The bishop went three times on foot to the chapel at Notre-Dame de la Garde on September 28, December 8, 1720; and August 13, 1721 to bless the inhabitants of the city.
In the midst of the plague, on 22 October 1720, at the suggestion of Soeur Anne-Madeleine, Belsunce established a feast in honour of the Sacred Heart. On 1 November he solemnly consecrated the city and the Diocese to the Sacred Heart of Jesus.

In his address to the Assembly of the Clergy in 1725, Belsunce stated that more than 250 priests and religious perished at that time. But he was the soul of the rescuers and the praises bestowed on him by Alexander Pope and Charles Hubert Millevoye (Essay on Man and Belsunce ou la peste de Marseille)
were deserved.

The King of France offered him, by way of recognition, the See of Laon to which was attached the first ecclesiastical peerage of the realm and afterwards the metropolitan See of Bordeaux. Belsunce refused both and contented himself with accepting the pallium sent him by Pope Clement XII.

Nicolas-André Monsiau painted The Devotion of Monsignor de Belsunce during the plague of 1720 (1819). François Gérard painted Monsignor of Belsunce during the plague of Marseille The eveque Henri Francois Xavier de Belsunce-Castelmoron (Belsunce Castelmoron) (1671-1755) rescuing the sick during the plague epidemic of 1720 (1834).

There is a bronze statue of Belsunce in the square outside the Cathédrale Sainte-Marie-Majeure de Marseille commemorating his work during the plague. During the occupation of World War II, knowing that the Germans were looking for non-ferrous metals, resistance fighters hid the 2800 kg of bronze of the statue in a warehouse on Boulevard de Louvain. The Grand Cours was renamed the Cours Belsunce.
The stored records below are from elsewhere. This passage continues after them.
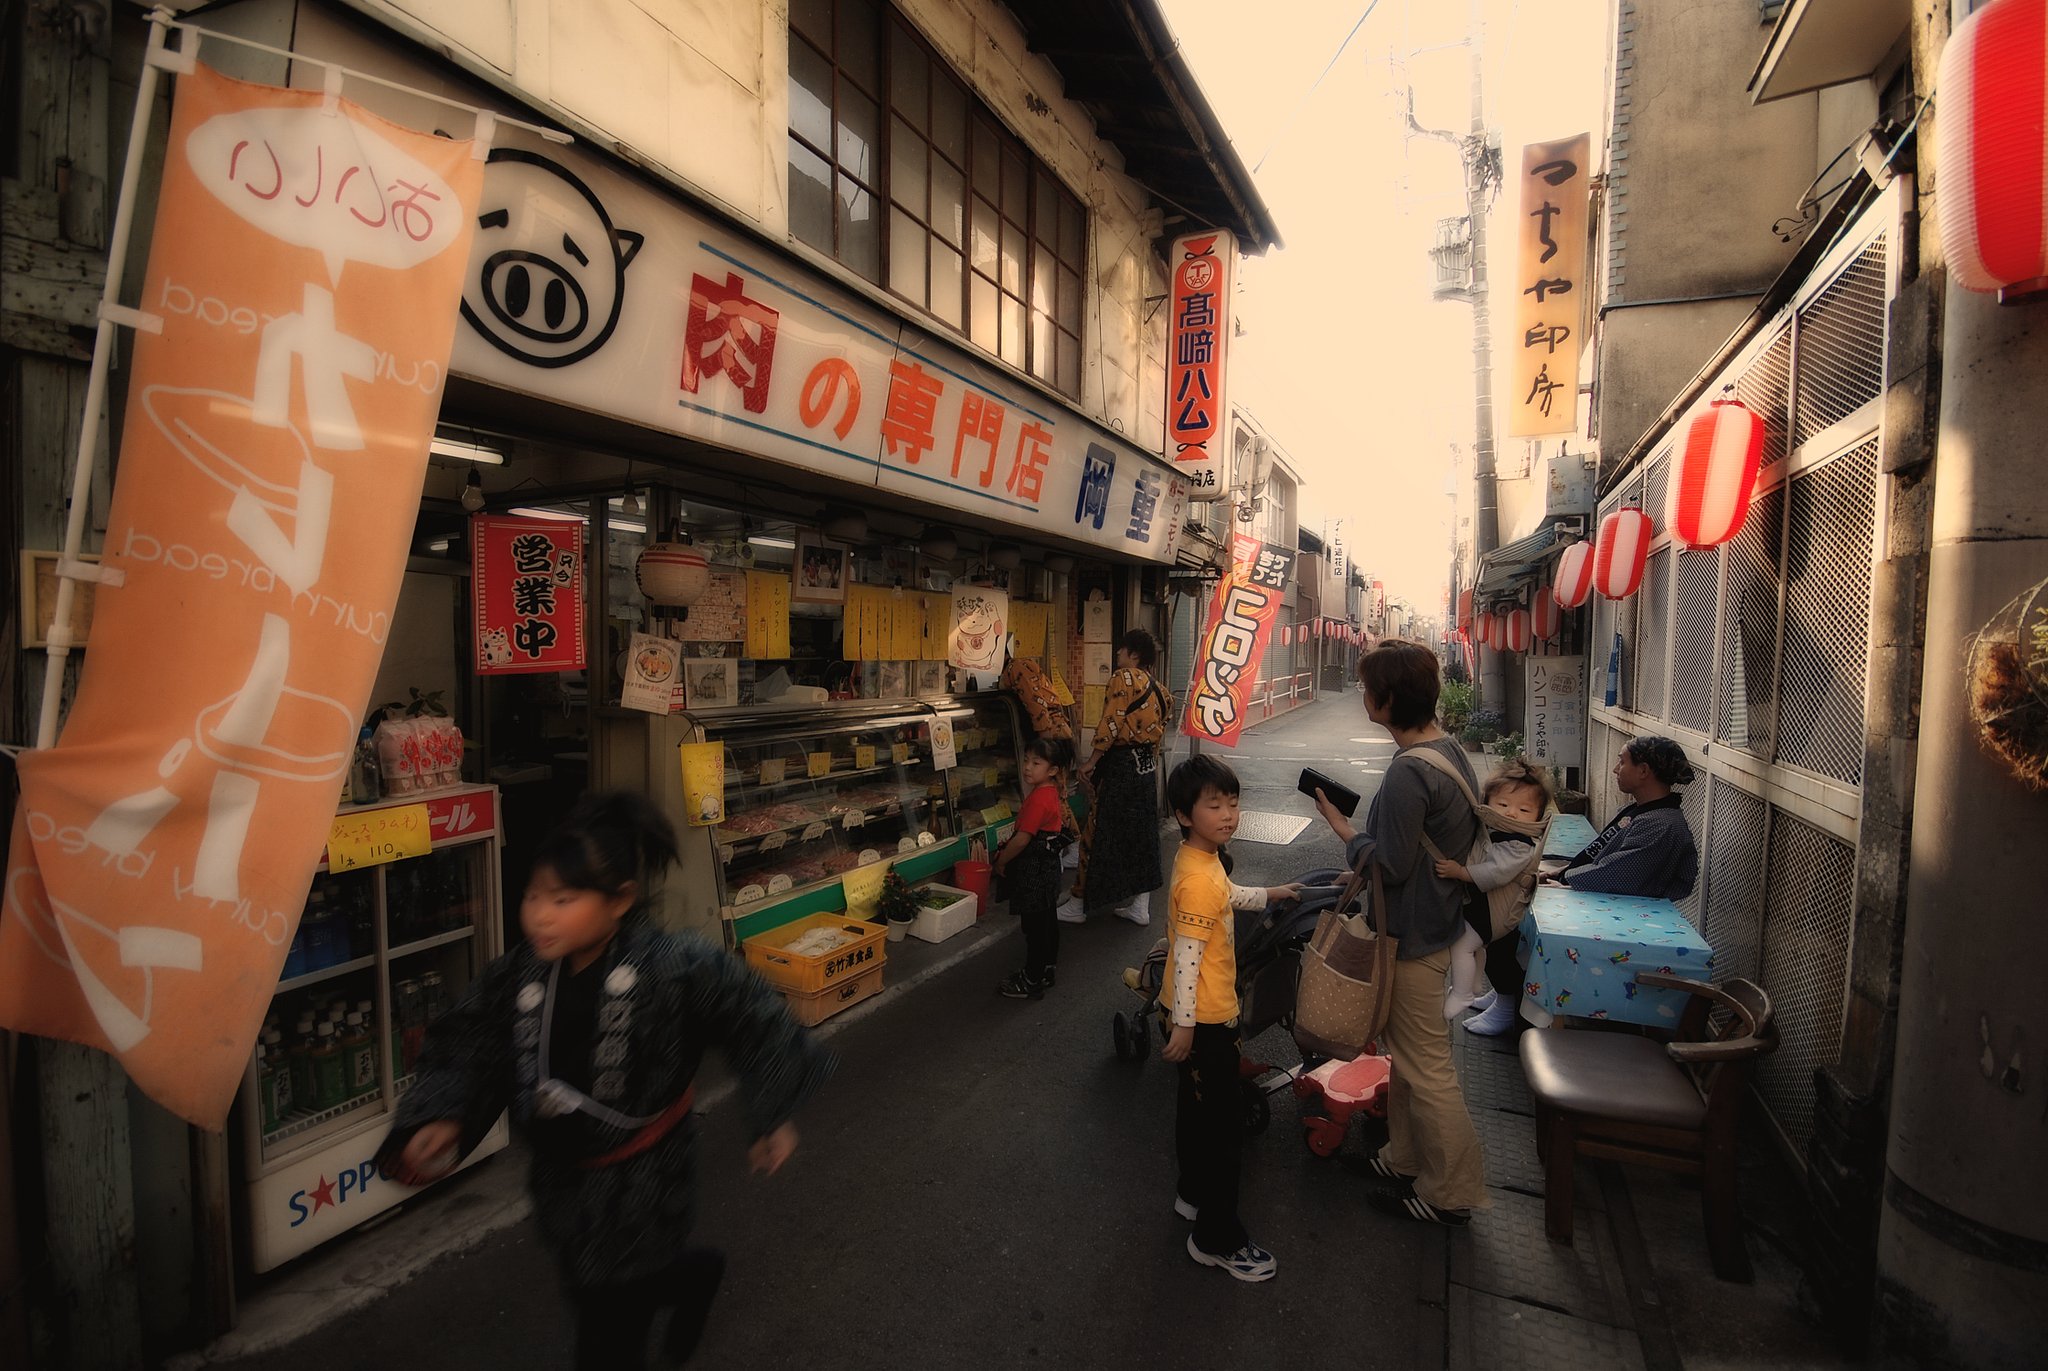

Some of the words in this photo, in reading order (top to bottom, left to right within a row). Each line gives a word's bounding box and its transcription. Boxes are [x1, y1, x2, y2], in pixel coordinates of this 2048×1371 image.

[1523, 159, 1578, 418] つちや印房
[680, 271, 1055, 503] 肉の専門店
[512, 534, 557, 658] 営業中
[1532, 665, 1547, 708] ハンコ
[1535, 712, 1547, 758] つちや印房
[428, 802, 477, 833] ール
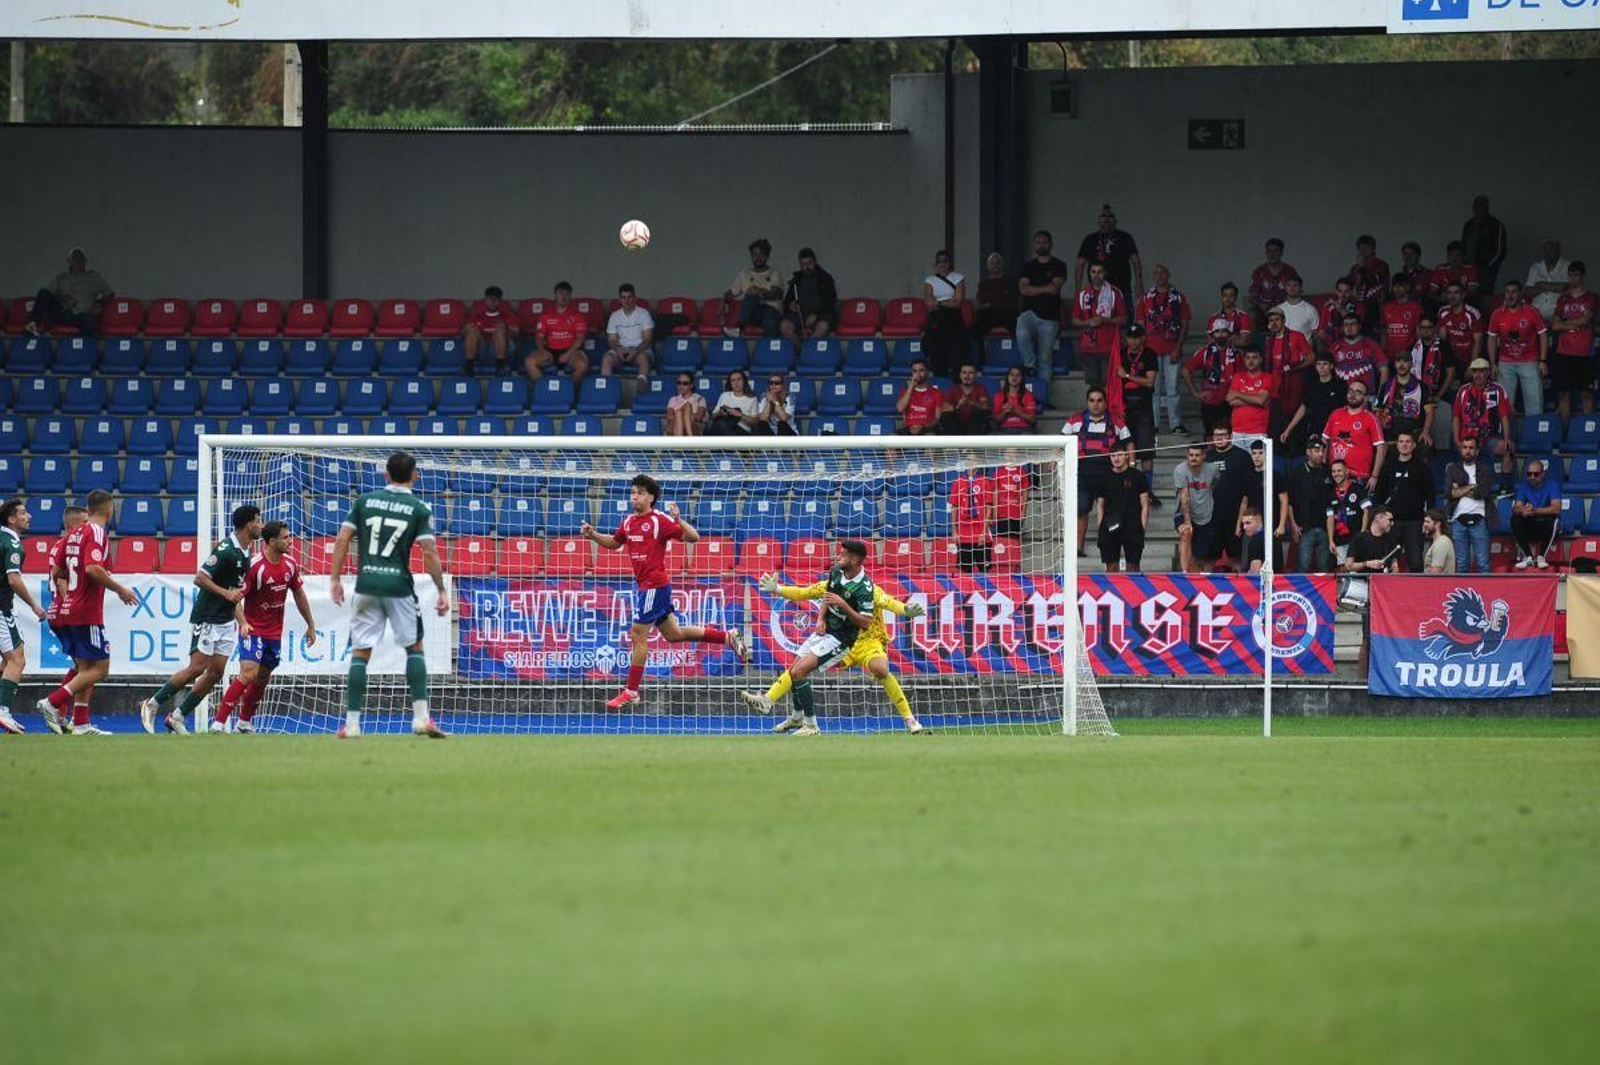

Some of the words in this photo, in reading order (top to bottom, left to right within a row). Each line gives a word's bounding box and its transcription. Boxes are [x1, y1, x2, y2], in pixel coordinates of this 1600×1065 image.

[365, 516, 409, 557] 17
[884, 590, 1236, 654] URENSE
[129, 629, 181, 662] DE
[616, 649, 697, 669] ORENSE
[1395, 661, 1526, 687] TROULA
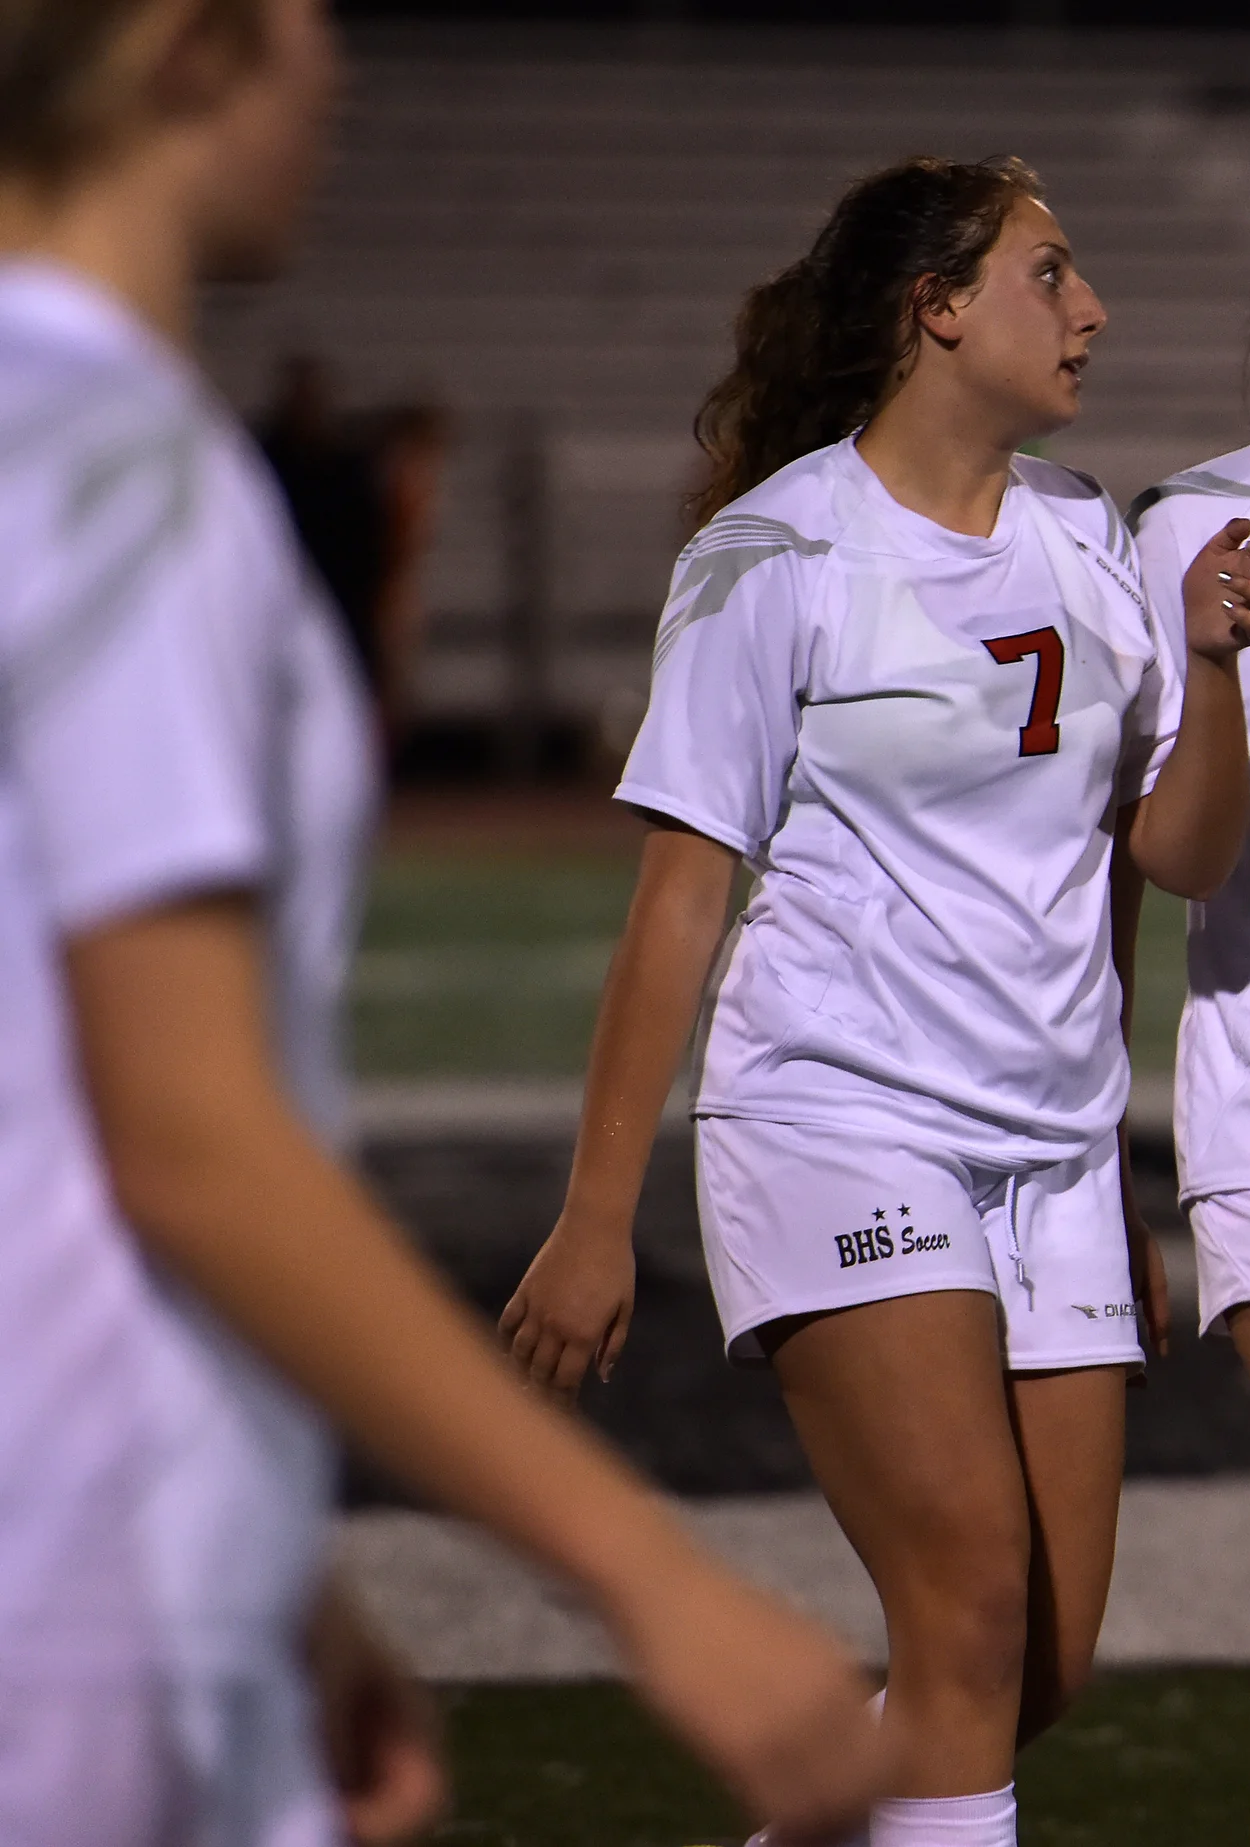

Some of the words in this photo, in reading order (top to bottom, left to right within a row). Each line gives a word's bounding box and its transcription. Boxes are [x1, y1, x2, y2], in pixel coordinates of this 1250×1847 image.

[981, 626, 1064, 757] 7
[834, 1225, 895, 1268] BHS
[901, 1226, 950, 1255] Soccer
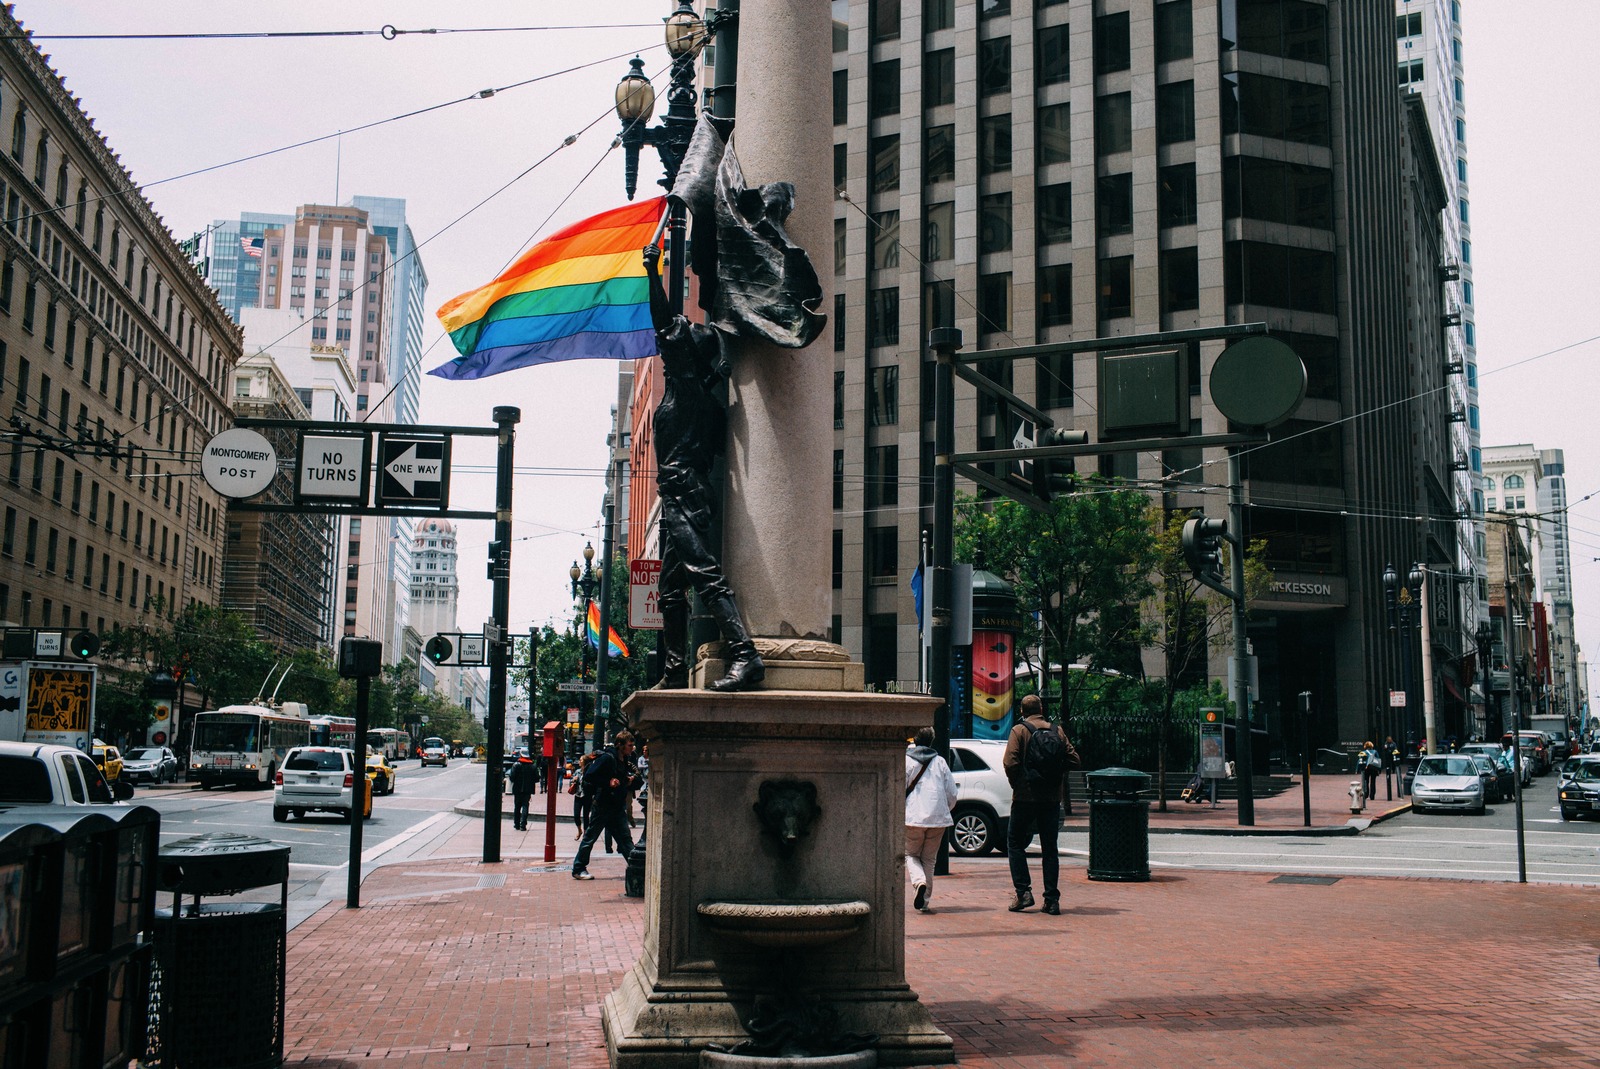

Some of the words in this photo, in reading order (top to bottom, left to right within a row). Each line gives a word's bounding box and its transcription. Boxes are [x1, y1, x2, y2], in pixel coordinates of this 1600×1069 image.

[210, 447, 270, 462] MONTGOMERY
[322, 452, 343, 465] NO
[219, 467, 257, 479] POST
[307, 468, 357, 482] TURNS
[392, 464, 413, 474] ONE
[418, 465, 438, 475] WAY
[632, 571, 648, 584] NO
He is mentioned by Albert Camus in the novel The Plague, in the second sermon of Father Paneloux.

==Jansenism==
During his incumbency Belsunce fought against Jansenism. He attended, 1727, the Synod of Embrun where Jean Soanen was condemned. He opposed with all his power Colbert of Pamiers. In spite of the protest of the Parlement of Aix-en-Provence, he instructed his priests to refuse absolution to the appellants against the Bull Unigenitus. Nearly all his pastoral instructions are against Jansenism.

==Works==
In addition to various pastoral instructions, Belsunce's works include:
- Vie de Suzanne de Foix (Agen, 1709)
- Le combat chrétien (translated from Augustine of Hippo's De Agone Christiano)
- L'art de bien mourir (translated from Robert Bellarmine's De Arte Bene Moriendi)
- Antiquités de l'Eglise de Marseille (Marseilles, 1747–51)
All these writings were published by Jauffret under the title of Oeuvres de Belsunce (Metz, 1822).